Ingunn Andersen, a journalist with Norwegian public radio NRK, described the scene shortly after the blast: "Some people covered with blood are lying in the street.
"There is glass everywhere. It is total chaos. The windows of the all the surrounding buildings have been blown out."
"The political centre of Oslo just exploded," wrote one Twitter user in the city, finansakrobat, who said he had narrowly missed being at the scene of the blast.
"I should have been standing in front of the blast. Just chance that I was late. I should be dead."
'Fearing the worst'
Siv Hartvigsen, who was visiting the city on holiday, said she had fled from the danger as soon as she could.
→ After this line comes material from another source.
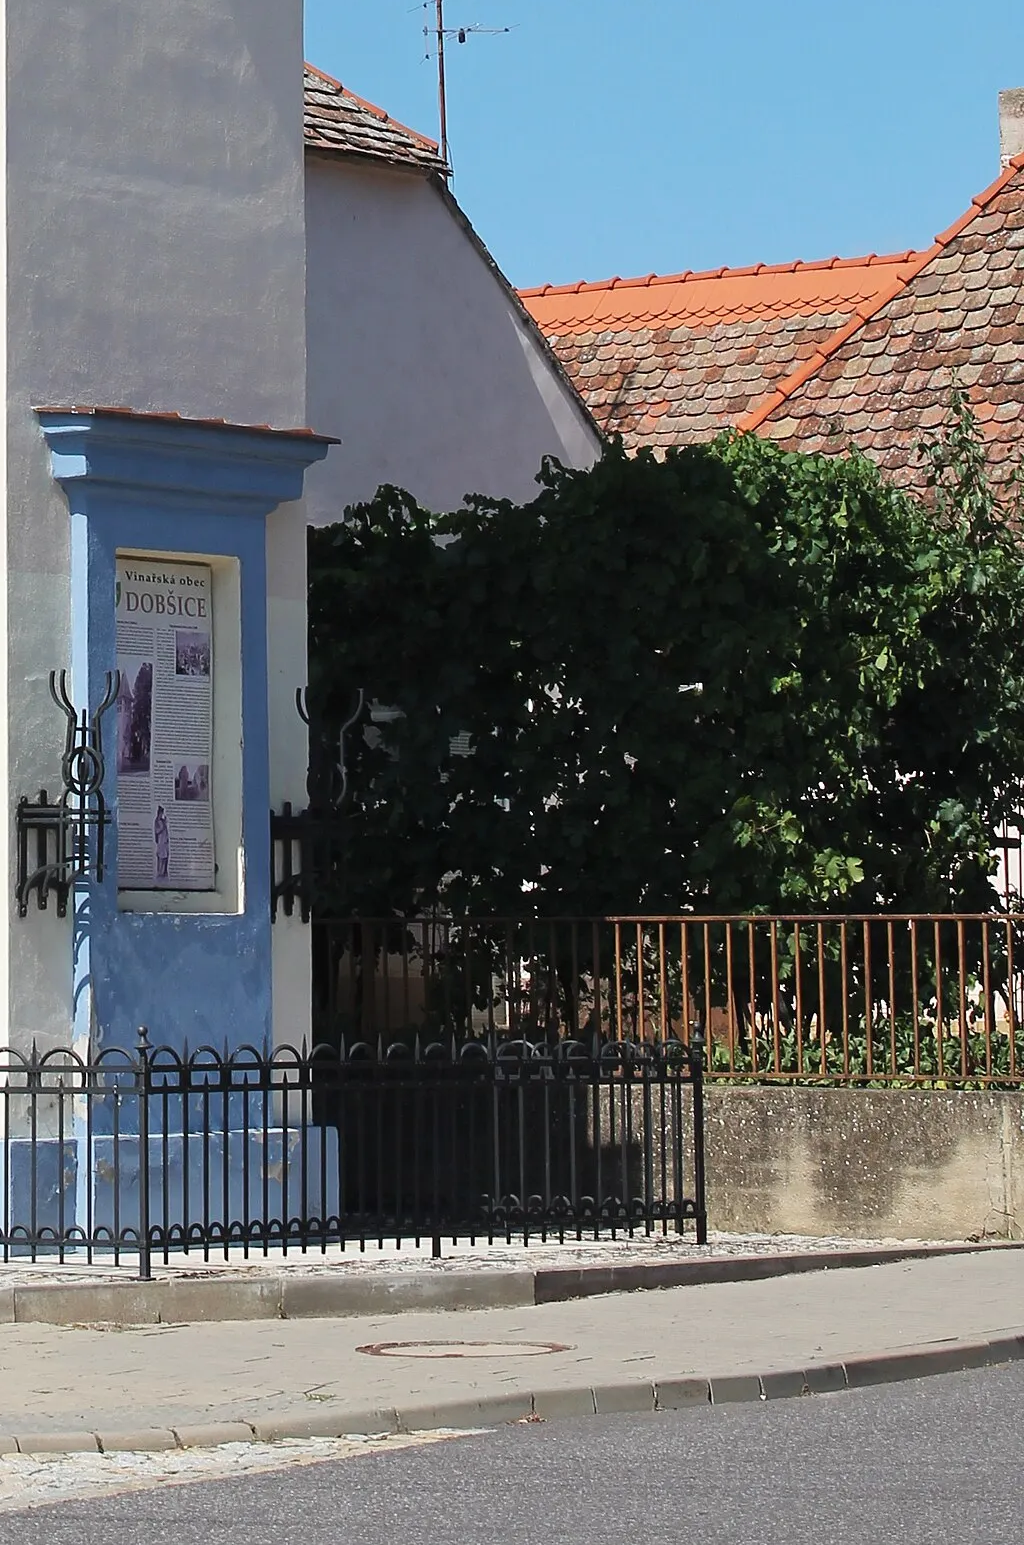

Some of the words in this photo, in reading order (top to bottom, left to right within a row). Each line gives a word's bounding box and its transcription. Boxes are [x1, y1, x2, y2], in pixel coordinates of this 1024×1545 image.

"We were shopping at Eger Torget which is just above the Stortinget [Norway's parliament], and we just heard a big bang," she told the BBC.
"The whole building was shaking big time. We could see the hairdressers on the second floor of the building next door.
"Its windows were blown out as we watched it and then the fire alarm went and we had to run outside.
"There were people running all over the place and the only safe thing I could think of was to run away as far as possible."
Eric Wikstrom told the BBC he had been working near the scene of the blast.
"I saw some people injured outside - I took a photo of a shoe that had blood on it, and wondered what had happened to its owner," he said.
"I feel shaky - it's surreal. Norwegians have never experienced anything like this before. We've heard it happen in the US and in Britain, but not here. I feel sick.
"People have been trying to phone friends and family to find out if they are OK. But the phones have been down, so I'm still not sure if everyone I know is OK."
Ole Tommy Pedersen, who was standing at a bus stop about 100m (yds) from the blast scene, said he had seen almost all the windows in a 20-storey government building shatter, with smoke billowing from the bottom floors.
"I saw three or four injured people being carried out of the building a few minutes later," he told the Associated Press news agency.
Hearing a blast "like thunder" from about a mile away, British resident Ben McPherson immediately assumed it was a terrorist attack.